Some publishing stories should begin with a cautionary aside to aspiring writers: This is not the way things usually happen. This is one of those stories.
Mira Bartók is an established and accomplished writer. Her memoir, The Memory Palace, won the 2012 National Book Critics Circle Award for autobiography. Her writing has been nominated for a Pushcart Prize, and included in The Best American Essays series. In the 1990s, she authored a nonfiction series of cultural studies for young readers.
But she had never written a novel. Technically, she still hasn’t.
Nonetheless, The Wonderling, a novel she has started but not yet finished, has already been sold – not just to a publisher (Candlewick Press in a two-book deal) – but to Hollywood. Fox Studios paid seven figures for the rights and has already announced that Tony-winning and Oscar-nominated director Stephen Daldry will direct. Bartók will also illustrate the novel herself.
“The first pages were so strong that I did feel really confident that I could sell it as a partial,” said Bartók’s agent Jennifer Gates, a partner at Zachary Shuster Harmsworth. So Gates shopped a detailed synopsis and 100 manuscript pages about the adventures of two groundlings (half-human/half something else) who escape from Miss Carbunkle’s Home for Wayward and Misbegotten Creatures. Multiple publishers expressed immediate interest. She set a date for an auction.

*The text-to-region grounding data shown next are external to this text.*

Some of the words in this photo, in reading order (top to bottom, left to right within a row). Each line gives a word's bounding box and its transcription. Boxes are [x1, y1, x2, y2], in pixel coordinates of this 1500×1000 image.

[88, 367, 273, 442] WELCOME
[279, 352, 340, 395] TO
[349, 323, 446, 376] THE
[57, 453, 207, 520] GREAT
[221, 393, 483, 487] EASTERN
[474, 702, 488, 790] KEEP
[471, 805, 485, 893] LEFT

One of those publishers was Candlewick’s Karen Lotz, who was vacationing in the southwest corner of England when the partial was being delivered electronically to editors. “We were staying in a cottage on a cliff with no cell phone reception and no Internet at a moment when I really wanted to be in touch with the office,” Lotz recalled. When her assistant was finally able to get her the manuscript, Lotz found that the book’s Gothic atmosphere eerily matched Cornwall’s stormy, seaside landscape. She read the story aloud to her children while they waited out a torrential downpour in a car outside Tintagel Castle, the legendary home of King Arthur. “It was actually the most perfect setting to read this book,” Lotz said. “I loved it from the very first page.”

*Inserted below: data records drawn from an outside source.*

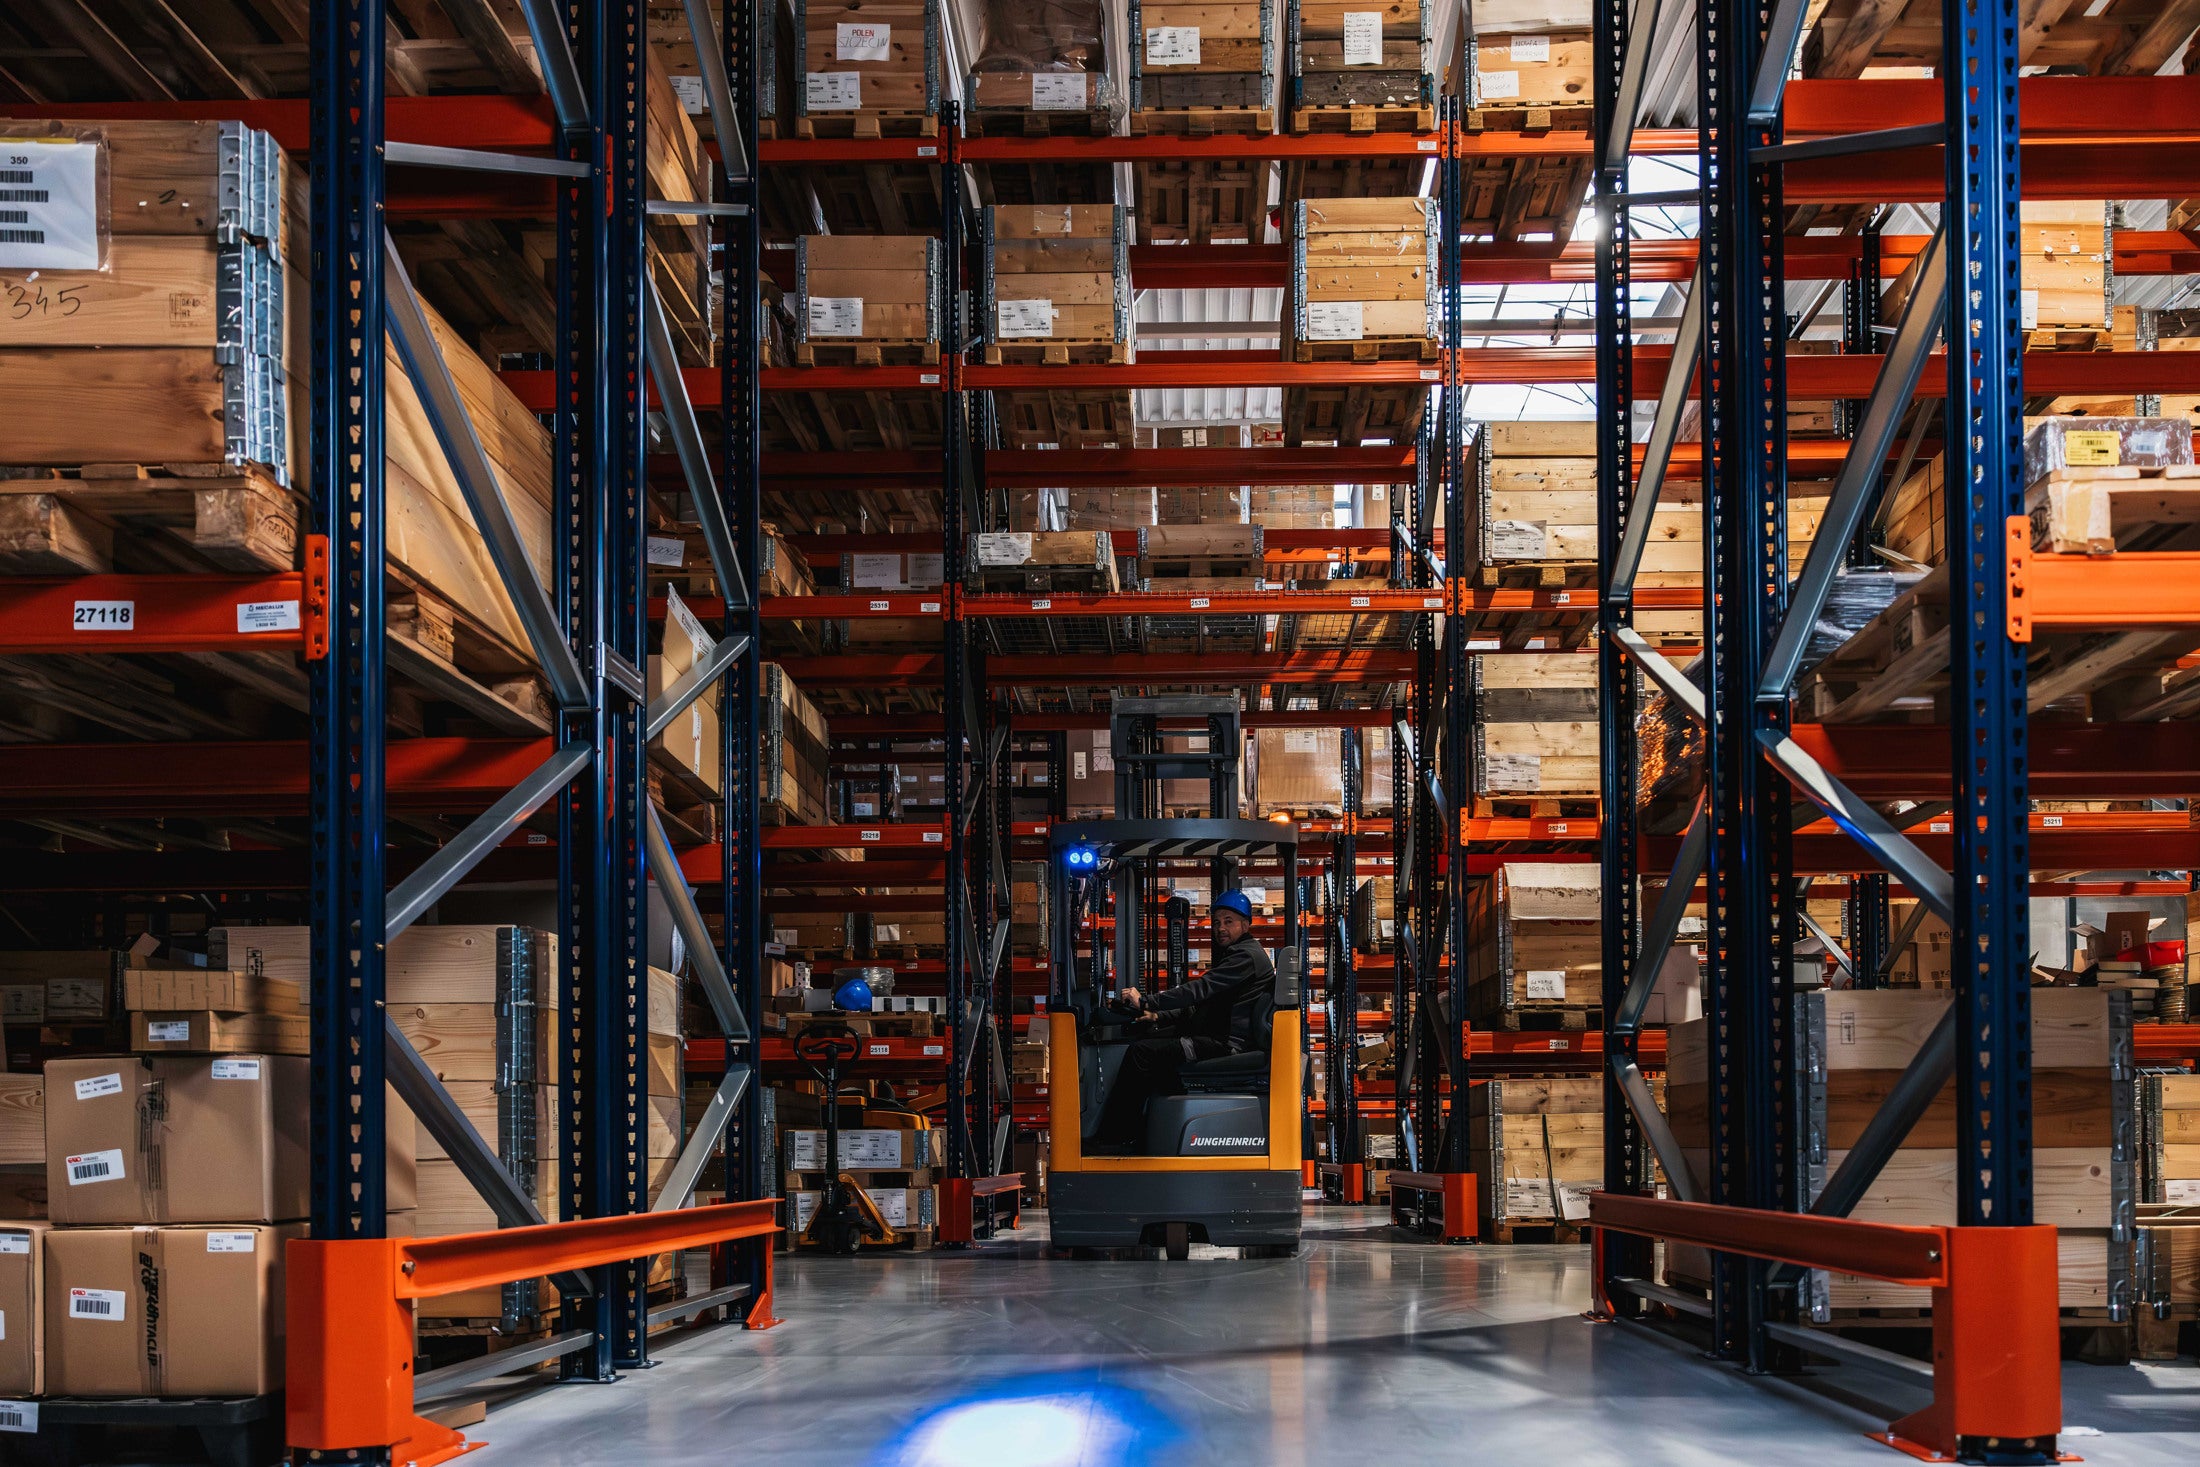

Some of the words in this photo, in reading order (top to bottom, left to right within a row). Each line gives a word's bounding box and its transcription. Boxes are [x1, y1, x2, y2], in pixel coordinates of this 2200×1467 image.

[852, 29, 875, 37] POLEN
[10, 156, 29, 165] 350
[7, 285, 89, 320] 345
[75, 607, 130, 623] 27118
[1190, 1134, 1265, 1146] JUNGHEINRICH

Meanwhile, back at Gates’s office, two agents from CAA arrived for a meeting with someone else. “They happened to overhear me talking about The Wonderling to one of my colleagues as I was giving a very exciting update,” Gates said. The agents asked for the partial and read it overnight.
The next message Gates sent to editors who had expressed an interest in Bartók’s novel was a stunner: those CAA agents loved the story and sent the partial to filmmakers. Fox Studios came back quickly with a “seven-figure pre-empt.”
“Put that into your thinking for round two” of the auction, Gates wrote the editors.
Bartók, who lives “simply, and month to month” with her husband, a musician, in what she describes as an economically depressed region of western Massachusetts, suddenly faced an unprecedented situation: a movie deal, and a bevy of offers from some of the best editors working in children’s literature today. “All the editors I spoke with were amazing,” she said. “They were so passionate about the book and they had great suggestions. It was an incredible gift just to get to talk to all of them.”
Ultimately, Bartók chose Candlewick after spending an afternoon at the Eric Carle Museum of Picture Book Art in nearby Amherst doing some hands-on research. “I went into their bookstore and asked the bookseller, ‘Can you just bear with me?’ I pulled out about 30 books, not looking at who the publisher was, but judging them by their design,” Bartók said. “All but about four of them were from Candlewick. I’ve never illustrated a book, although I’ve done every other kind of art. So I felt like I will learn to be a really good illustrator by working with their team. That was a huge deal for me but, believe me, it was still a hard decision.”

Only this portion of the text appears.